▶ _Exercise objective_:
Leave out the images and return all the data word for word.

(Phrase grounding data)
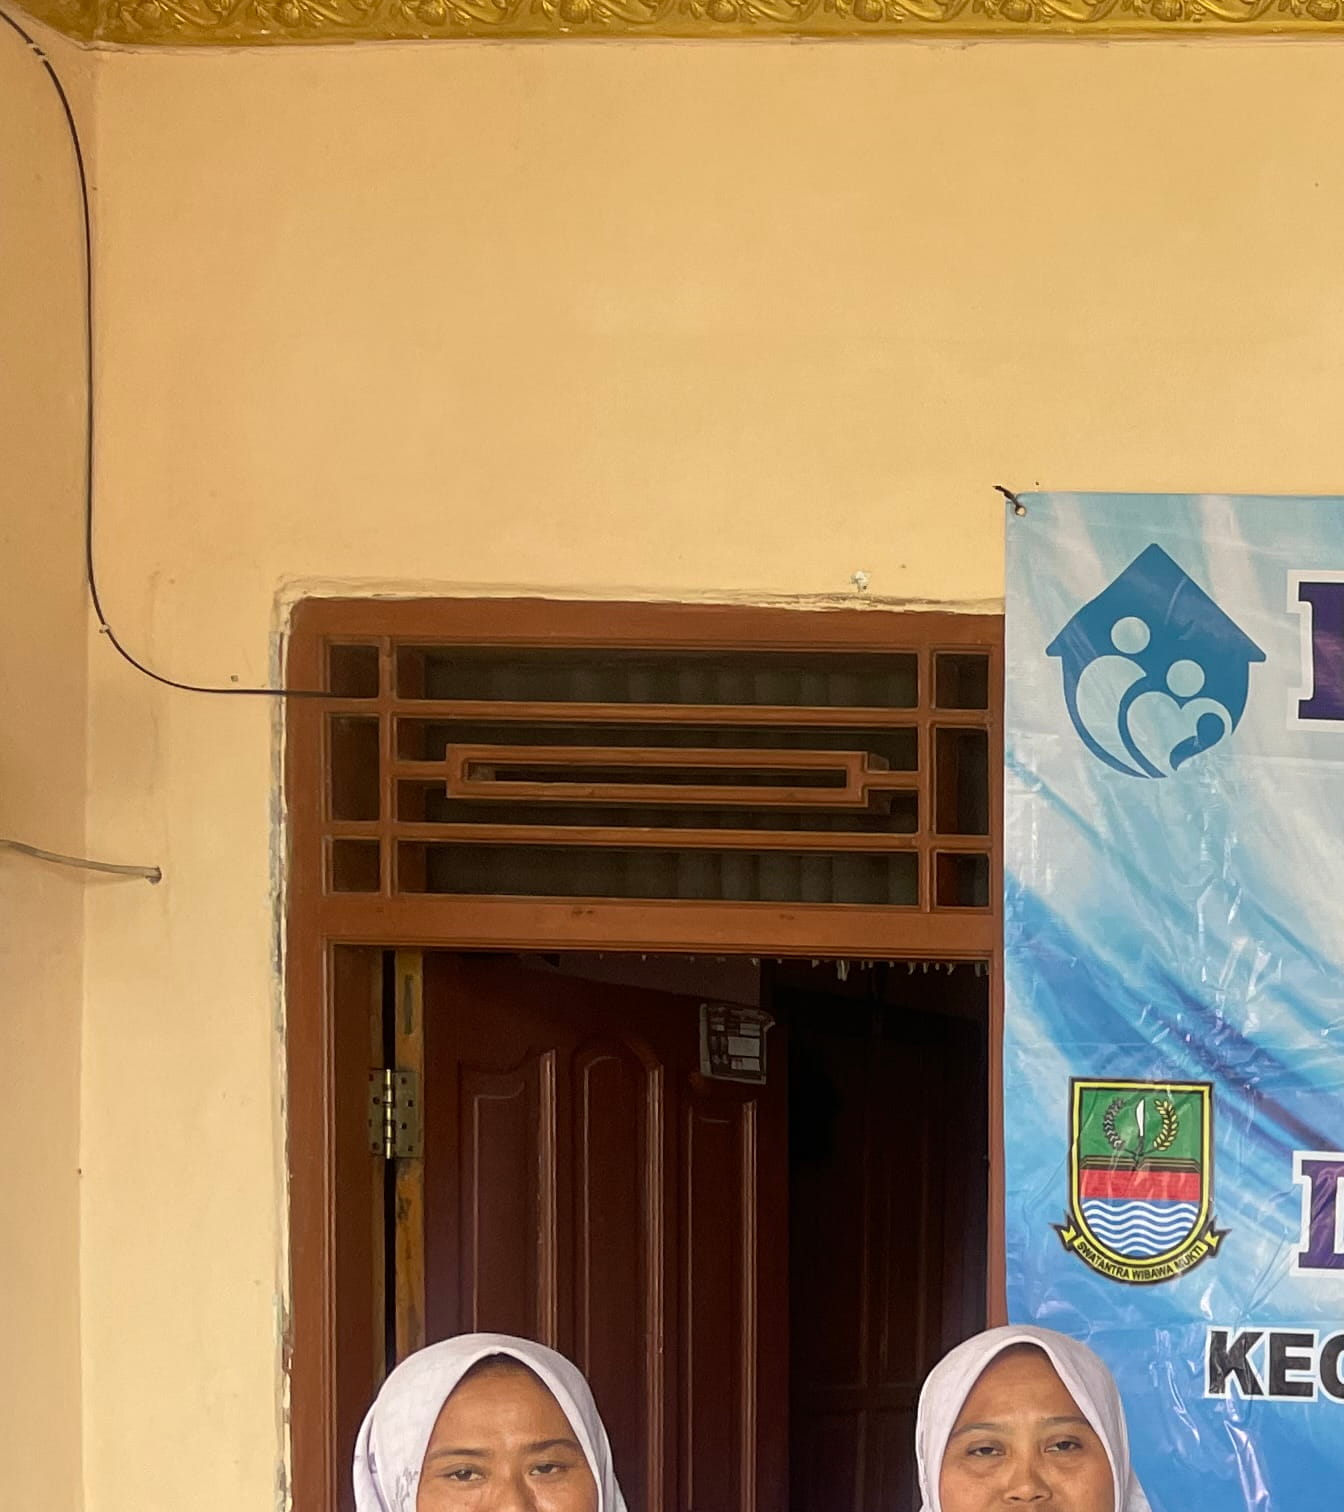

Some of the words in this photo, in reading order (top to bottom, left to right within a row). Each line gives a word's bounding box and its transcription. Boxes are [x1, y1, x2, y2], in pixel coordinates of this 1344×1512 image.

[1076, 1241, 1131, 1280] SWATANTRA
[1131, 1264, 1175, 1281] WIBAWA
[1173, 1244, 1205, 1272] MUKTI
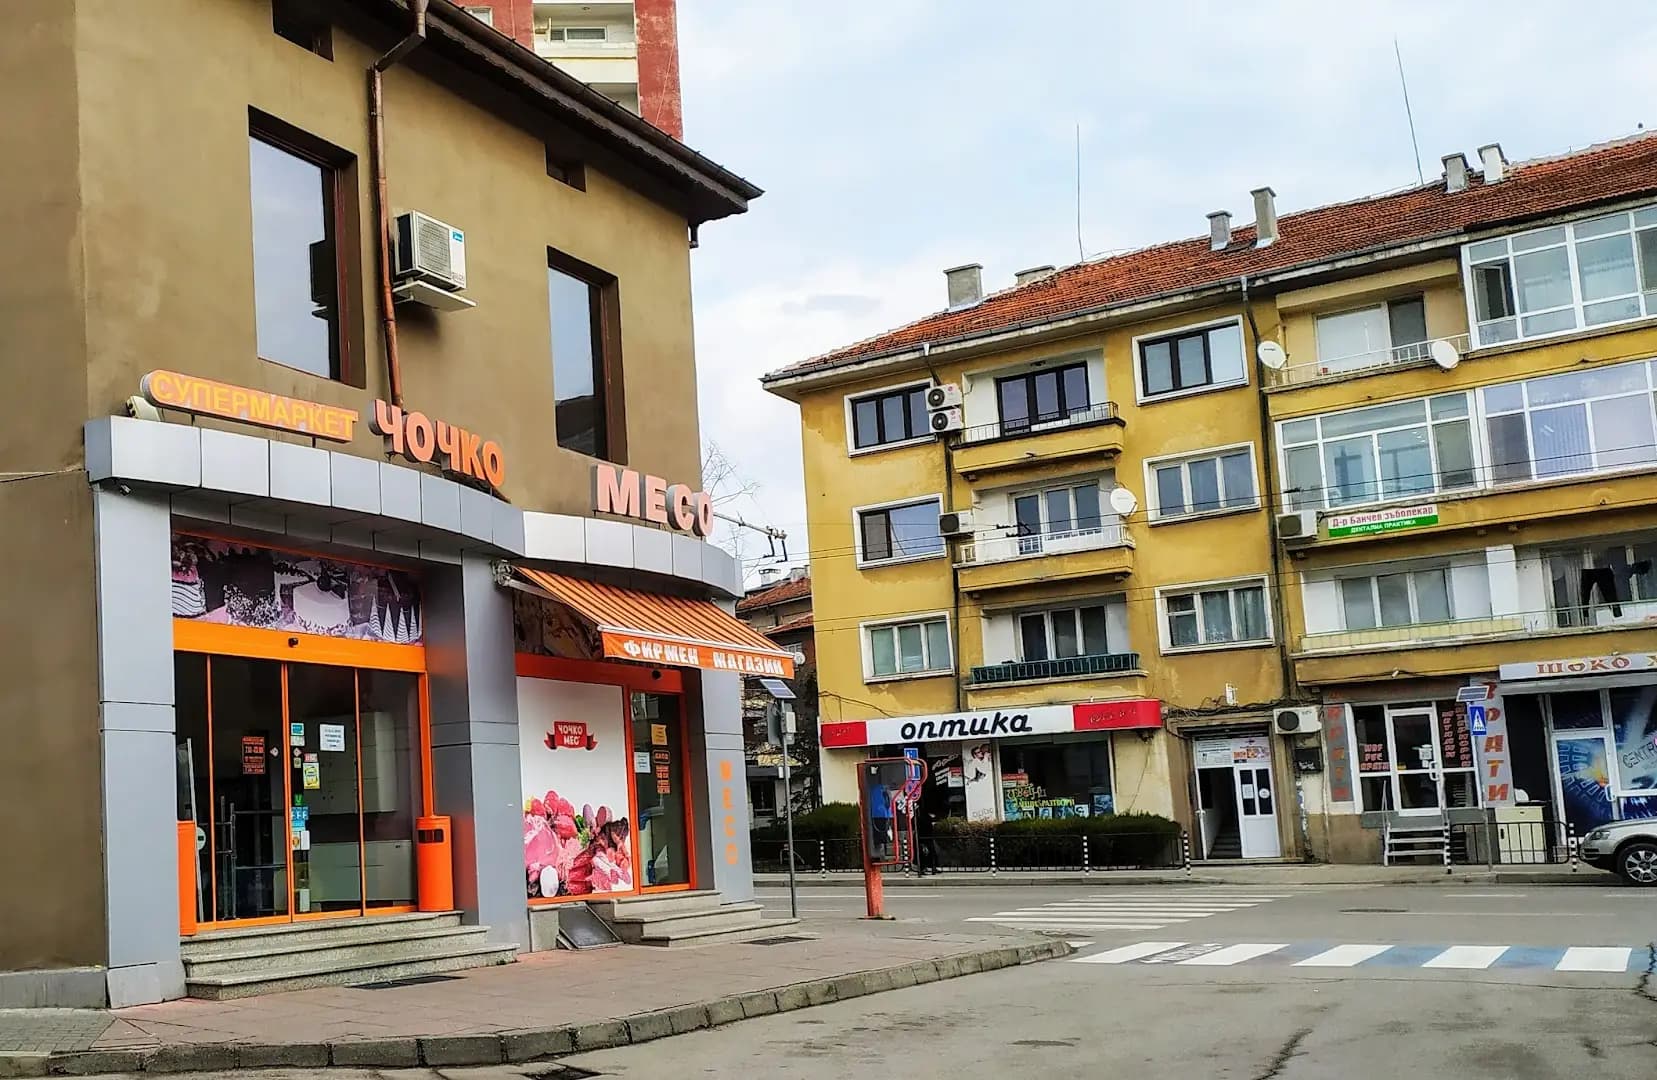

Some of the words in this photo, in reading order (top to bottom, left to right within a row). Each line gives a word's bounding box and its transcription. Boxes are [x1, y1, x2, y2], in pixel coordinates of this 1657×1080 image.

[151, 371, 357, 438] СУПЕРМАРКЕТ
[373, 398, 506, 489] ЧОЧКО
[594, 463, 714, 538] МЕСО
[1332, 517, 1348, 528] Д-р
[1383, 519, 1417, 529] ПРАКТИКА
[623, 639, 699, 665] ФИРМЕН
[713, 651, 785, 675] МАГАЗИН
[557, 724, 583, 736] ЧОЧКО
[900, 711, 1033, 740] оптика
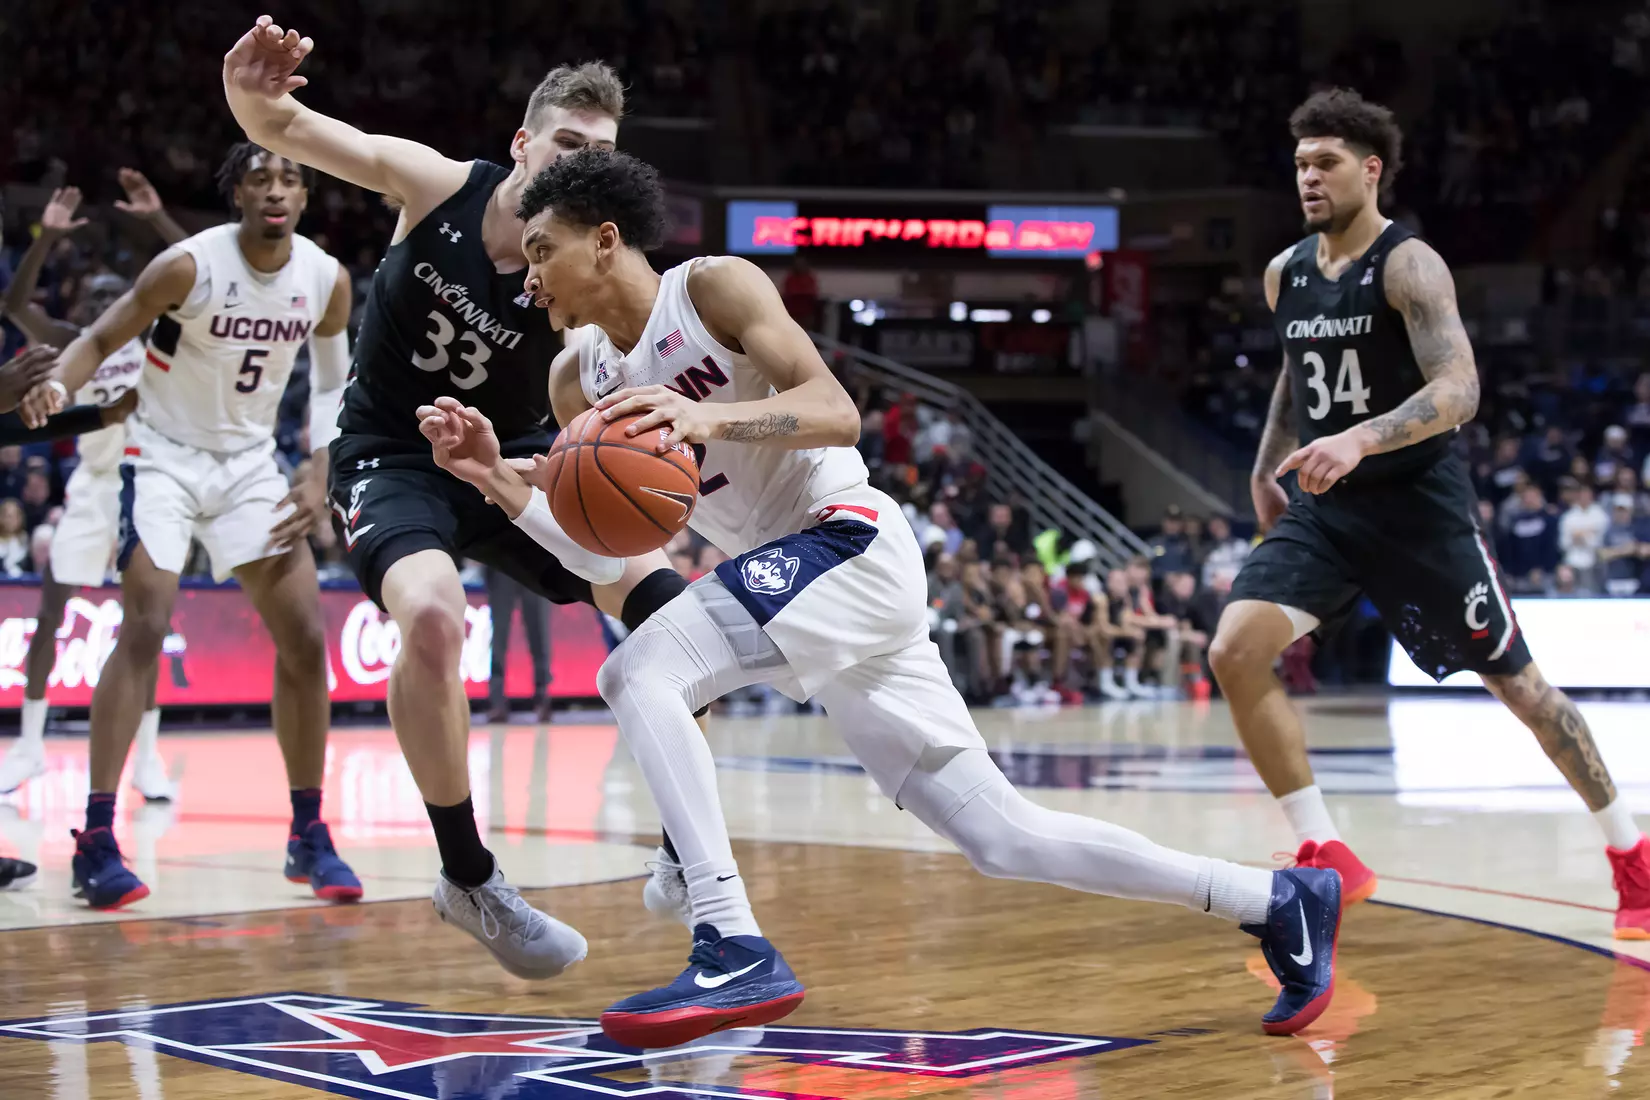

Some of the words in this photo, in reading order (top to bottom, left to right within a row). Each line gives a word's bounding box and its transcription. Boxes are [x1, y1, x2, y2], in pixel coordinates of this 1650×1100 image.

[209, 315, 312, 342] UCONN
[413, 262, 525, 350] CINCINNATI
[1285, 314, 1374, 339] CINCINNATI
[235, 348, 270, 394] 5
[411, 309, 493, 390] 33
[1302, 348, 1372, 421] 34

▶ _Solution to this task_:
Some of the words in this photo, in reading order (top to bottom, left to right within a row). Each line gives a word's bounding box and its transcription. Boxes are [x1, y1, x2, y2], in pixel coordinates of this 1344×1512 image.

[1076, 1241, 1131, 1280] SWATANTRA
[1131, 1264, 1175, 1281] WIBAWA
[1173, 1244, 1205, 1272] MUKTI

Some of the words in this photo, in reading order (top to bottom, left to right within a row). Each line gives a word's bounding box and its transcription. Boxes are [x1, y1, x2, y2], in pixel coordinates of this 1657×1080 image.

[151, 371, 357, 438] СУПЕРМАРКЕТ
[373, 398, 506, 489] ЧОЧКО
[594, 463, 714, 538] МЕСО
[1332, 517, 1348, 528] Д-р
[1383, 519, 1417, 529] ПРАКТИКА
[623, 639, 699, 665] ФИРМЕН
[713, 651, 785, 675] МАГАЗИН
[557, 724, 583, 736] ЧОЧКО
[900, 711, 1033, 740] оптика

Some of the words in this photo, in reading order (top to bottom, left to right within a row). Each line gives a word's bounding box and its transcription. Boxes are [x1, y1, x2, y2], in pixel coordinates of this 1650×1100 image.

[209, 315, 312, 342] UCONN
[413, 262, 525, 350] CINCINNATI
[1285, 314, 1374, 339] CINCINNATI
[235, 348, 270, 394] 5
[411, 309, 493, 390] 33
[1302, 348, 1372, 421] 34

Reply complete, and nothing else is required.